If you haven’t considered those questions, you could have learned a lot from “Quality and Value in Virginia’s System of Higher Education,” a conference held in June in Richmond.

The goal of the conference, sponsored by the State Council of Higher Education for Virginia (SCHEV), was to develop a unified vision of the role that colleges and universities play — in educating citizens and creating a skilled workforce.

But at the end of the day, there still were a lot of questions.

The sometimes uneasy partnership between business and higher education is reflected in a study released last year as part of an annual poll by the consulting firm Gallup and the Lumina Foundation.

The poll found that 96 percent of college and university chief academic officers nationally were confident in their institutions’ ability to prepare graduates for the workforce.

By sharp contrast, just 11 percent of business leaders strongly agreed that today’s college graduates have the skills their companies need.

How are colleges measured?
Edna Baehre-Kolovani, president of the 42,000-student Tidewater Community College, expressed her concern about one focus of the conference: the return on investment sought by various stakeholders that colleges and universities serve, including students, the business community and the legislature.

“We serve everybody. We don’t carve out one niche of the population and say that’s the only population we’re going to serve,” Baehre-Kolovani said.

“How do we identify what the value proposition is that we want to communicate?” she asked. “How do we know we’re delivering what we promise, when we’re trying to come to grips with what this value proposition is.  And, does it vary from sector to sector, from college to college?”

She also mentioned one of the major issues in the relationship between business and higher education: how the performances of colleges are measured.

“We are not measured on the long-term effects of our graduates in the workplace,” Baehre-Kolovani said. “Our accreditation is based on times to completion and how many students we get through the pipeline.”

Linda Cabe Halpern, vice provost for programs at James Madison University, said every institution of higher education in Virginia needs to be involved with businesses in their regions and to know what those companies’ needs are.

Yet, she suggested, the path to a career and a happy, productive life — on the job and off — is not a narrow one for students. Their overall college experiences — including exposure to ideas outside the classroom and beyond their majors — also are vital.

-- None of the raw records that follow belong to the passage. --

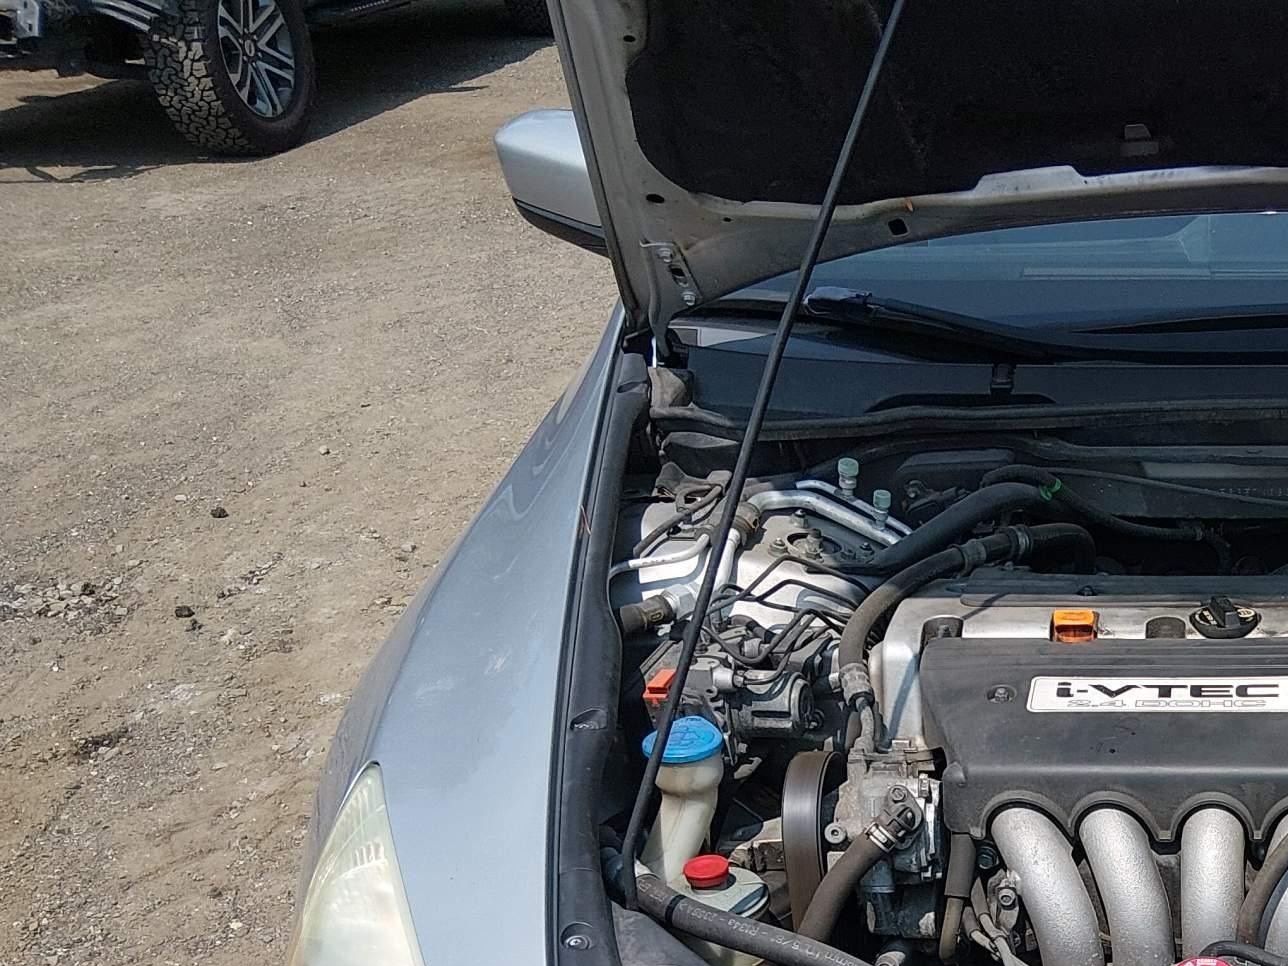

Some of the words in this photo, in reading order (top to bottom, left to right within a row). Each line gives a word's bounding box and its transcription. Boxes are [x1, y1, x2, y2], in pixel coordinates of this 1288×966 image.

[1056, 681, 1279, 698] i-VTEC
[1067, 699, 1126, 708] 2.4
[1135, 699, 1267, 708] DOHC
[726, 919, 760, 937] R134a
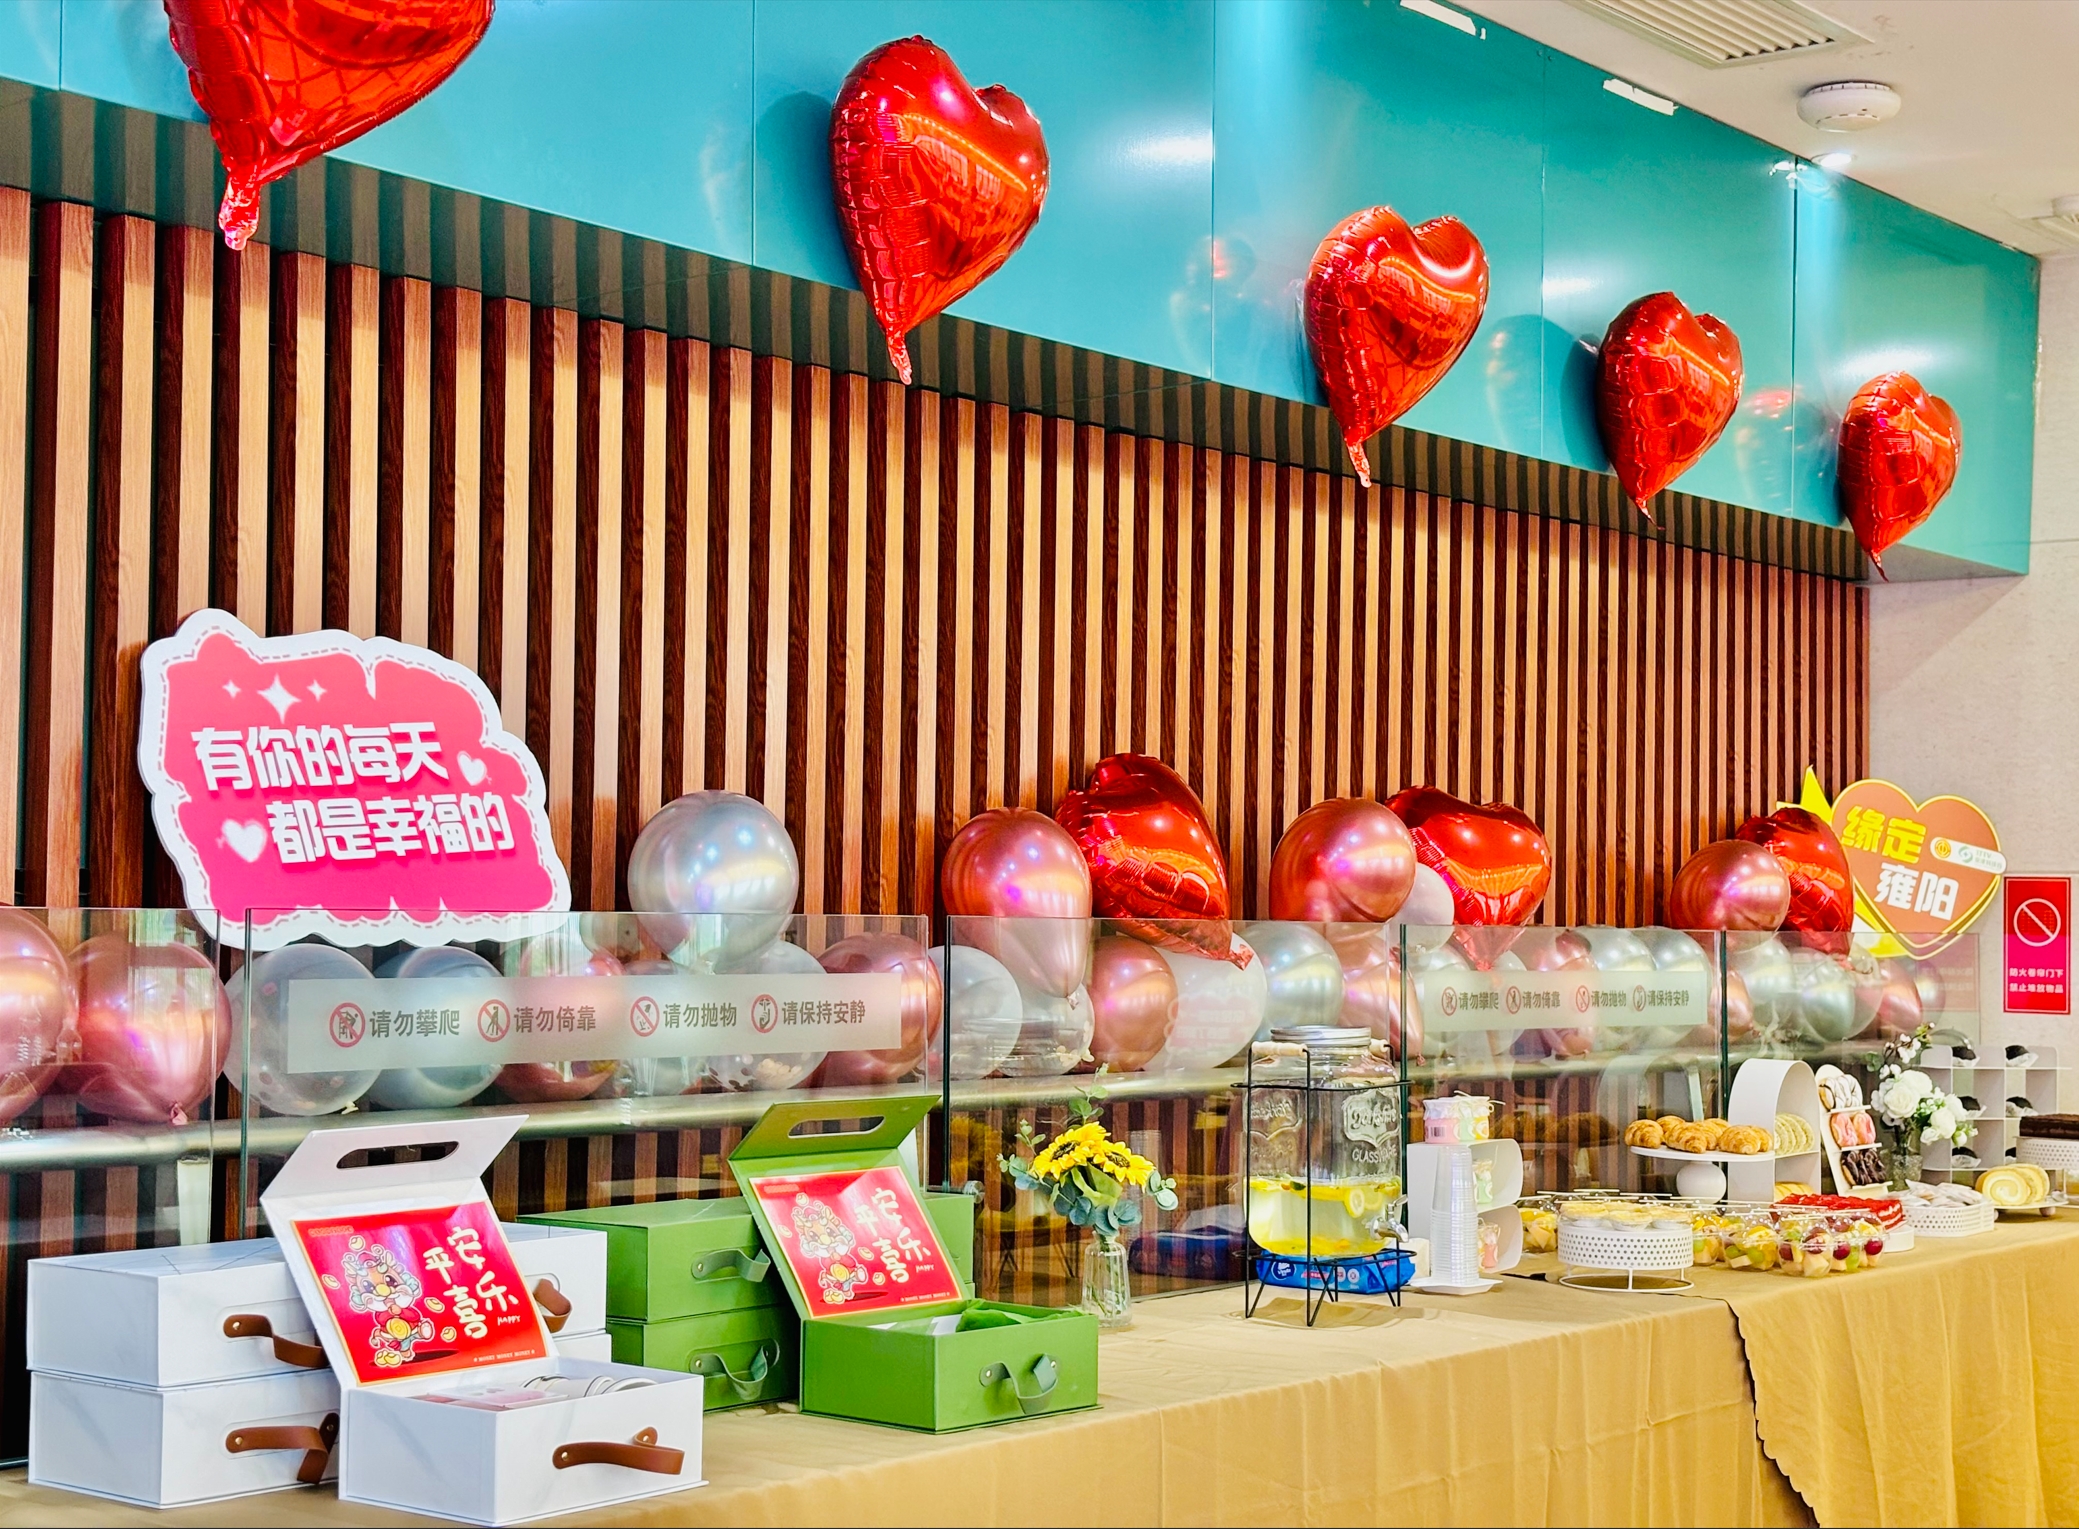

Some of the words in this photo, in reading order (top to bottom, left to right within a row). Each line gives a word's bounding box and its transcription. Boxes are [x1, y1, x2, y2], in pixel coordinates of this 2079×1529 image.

[191, 721, 449, 792] 有你的每天
[267, 792, 515, 865] 都是幸福的
[1840, 805, 1927, 864] 缘定
[1874, 862, 1959, 921] 雍阳
[369, 1009, 460, 1038] 请勿攀爬
[513, 1005, 596, 1033] 请勿倚靠
[663, 1002, 737, 1029] 请勿抛物
[781, 1000, 866, 1026] 请保持安静
[1458, 991, 1499, 1011] 请勿攀爬
[1522, 990, 1561, 1009] 请勿倚靠
[1591, 989, 1627, 1007] 请勿抛物
[1647, 988, 1689, 1007] 请保持安静
[497, 1314, 521, 1326] HAPPY

“It is important for us, I believe, to make the case over and over again and to audience after audience after audience that, ‘Yes, we get it: Employability is important,’ ” Halpern said. “But we have to do all these other things to get [graduates] there.”

Low-income students
Anne Holton, Virginia’s secretary of education, pointed to the issue of rising college costs. She said higher education is not adequately serving students from low-income families.

“That is the moral challenge of our time. [Higher education] is the key way out of poverty, yet we’re failing miserably,” she warned.

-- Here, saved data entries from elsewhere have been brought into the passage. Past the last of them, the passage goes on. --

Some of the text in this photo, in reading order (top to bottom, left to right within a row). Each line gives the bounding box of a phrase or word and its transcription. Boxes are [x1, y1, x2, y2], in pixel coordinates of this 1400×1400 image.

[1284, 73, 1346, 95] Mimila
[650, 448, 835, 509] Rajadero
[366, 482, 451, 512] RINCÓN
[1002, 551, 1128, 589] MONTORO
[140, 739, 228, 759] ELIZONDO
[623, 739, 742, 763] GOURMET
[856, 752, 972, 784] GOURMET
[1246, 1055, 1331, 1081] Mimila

Ithaka S+R, a New York-based consulting and research firm, presented a report to SCHEV earlier this year showing that fewer than 25 percent of the lowest-income Virginia students enrolled in a public institution of higher education were attending four-year institutions, compared with 90 percent of high-income students.

“This is particularly troubling since only 5 percent of students who enroll full time in a two-year college earn an associate degree within two years and only 2 percent earn a bachelor’s degree (through transferring to a four-year institution) within four years,” the study said.

Seeking soft skills, too
Several speakers pointed out that, besides technical knowledge and skills, employers are looking for workers with soft skills, such as the ability to communicate or to solve problems in diverse settings.

Debra Humphreys, a vice president with the Association of American Colleges and Universities, relayed a comment made by recruiters at several engineering companies.

“They all said they need good engineers, but they need engineers who can write,” Humphreys said, as laughter rumbled through the room.

Filling the gap
Barry DuVal, president and CEO of the Virginia Chamber of Commerce, praised the relationship between business and higher education in Virginia, but he left no doubt as to what companies in the commonwealth need.

Asked in a survey about their biggest priorities, the response of chamber members was resounding. “What they wanted the governor and General Assembly to focus on was creating a ready workforce,” DuVal says, adding that higher education is a huge part of that effort.

He says if Virginia’s economy grows only 2 percent a year, the state will need 2 million new workers by 2025. Forty percent of those workers will require four-year degrees. The rest will not.

Business leaders, however, stress that an increasing number of jobs require intensive training and education beyond high school to compete in an expanding, global knowledge economy.

The big problem: Virginia doesn’t have enough skilled workers to fill many of the jobs needed to keep its economy humming. “We have a workforce gap, and your institutions play an important role in filling those gaps,” DuVal told educators.

Frightened parents
Teresa Sullivan, the president of the University of Virginia and a labor force demography scholar, said that today’s college students still face the ripple effects of the Great Recession, which officially ended six years ago.

She recently taught a freshman seminar in which students read a book titled, “The Coming Jobs War.”

“I asked them, ‘Would you give this book to your parents to read?’ The entire class, as one, shook their heads,” Sullivan recalled.

The book would only add to their parents’ anxiety about the students’ job prospects, they said. “One student told me her mother called her every night and cried on the phone,” Sullivan said.

Influential experiences
Despite such worries, one study discussed at the conference, the “Gallup-Purdue [University] Index of Great Jobs and Great Lives,” suggests that certain college experiences can have a great influence on graduates’ lives and their careers.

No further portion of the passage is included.